Fully defined sketches eliminate this class of failure entirely.
Best Practices from Production Experience
Start from the origin
Always constrain the first entity in every sketch to the sketch origin or an existing model edge. A floating profile that is not anchored to anything is always under-defined, even if every internal relationship is fully constrained.
Use a Coincident or Midpoint constraint to pin a strategic point to the origin. This anchors the entire sketch.
Use geometric constraints before dimensions
Add Parallel, Perpendicular, Equal, and Tangent constraints first. Then add dimensions. This approach uses fewer dimensions, makes the sketch easier to read, and makes dimension changes propagate more predictably.
A common beginner mistake is to dimension everything numerically and skip geometric constraints. The sketch works, but it is fragile — change one dimension and the geometry breaks because the constraint structure cannot handle it.
Avoid redundant dimensions
If a line is already defined as Horizontal, you do not need to add a 0-degree angle dimension. SolidWorks will accept it but mark the sketch over-defined. Over-defined sketches are equally dangerous — they make the solver choose arbitrarily which constraint to honor when they conflict.
Use construction geometry for references
Convert non-essential lines to construction geometry (toggle in Properties or press Q). Construction lines participate in constraints but do not form the feature boundary. This keeps the sketch profile clean and makes it obvious which geometry drives the feature.
Verify before closing
Before clicking the green checkmark to exit sketch mode, confirm the status bar reads “Fully Defined.” This takes two seconds and prevents hours of debugging later.
Practical Example: A Fully Defined Bolt Circle Sketch
Scenario: four M8 bolt holes on a 60 mm bolt circle, centered on the part origin, holes equally spaced at 90 degrees.
- Draw a centerline construction circle. Add a dimension: diameter 60 mm. Add Concentric to the origin.
- Draw one circle for the first hole. Add Coincident between the circle center and the construction circle. Add a dimension: diameter 8.5 mm (clearance for M8).
- Add a Vertical constraint between the first hole center and the origin (positions the first hole at 12 o’clock).
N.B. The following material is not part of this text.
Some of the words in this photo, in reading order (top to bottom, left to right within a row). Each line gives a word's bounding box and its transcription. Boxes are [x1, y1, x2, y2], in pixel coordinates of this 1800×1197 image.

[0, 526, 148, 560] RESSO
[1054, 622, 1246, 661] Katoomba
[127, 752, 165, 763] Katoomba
- Use Circular Pattern in sketch (Tools > Sketch Tools > Circular Sketch Pattern): 4 instances, 90 degrees spacing, centered on origin.
- Add Equal constraints between all four circles.
Status bar result: Fully Defined. The bolt circle will always be centered, always symmetric, always 60 mm diameter, regardless of how upstream geometry changes.
Common Mistakes and How to Avoid Them
| Mistake | Consequence | Fix |
|---|---|---|
| Not anchoring sketch to origin | Entire sketch drifts | Add Coincident/Midpoint to origin |
| Dimensioning instead of using Equal | Two values must be manually kept in sync | Replace duplicate dimensions with Equal constraint |
| Forgetting Tangent on arcs | Visual kink, shell failures downstream | Check arc endpoints with Display Relations |
| Using Fix on operational geometry | Breaks parametric updates | Reserve Fix for imported reference geometry only |
| Leaving dangling relations after geometry edits | Unpredictable rebuild behavior | Delete or reattach dangling relations immediately |
Key Takeaways
- Every sketch should be fully defined (black) before you exit sketch mode. Blue means trouble waiting to happen.
- Use geometric constraints (Parallel, Perpendicular, Equal, Tangent) before adding dimensions — fewer dimensions, more robust behavior.
- Always anchor the sketch to the origin or existing model geometry. A floating fully-constrained profile is still under-defined.
- Use Display/Delete Relations and Check Sketch for Feature to diagnose problems fast.
- In a team environment, under-defined sketches are a time bomb. Make fully defined sketches a non-negotiable standard.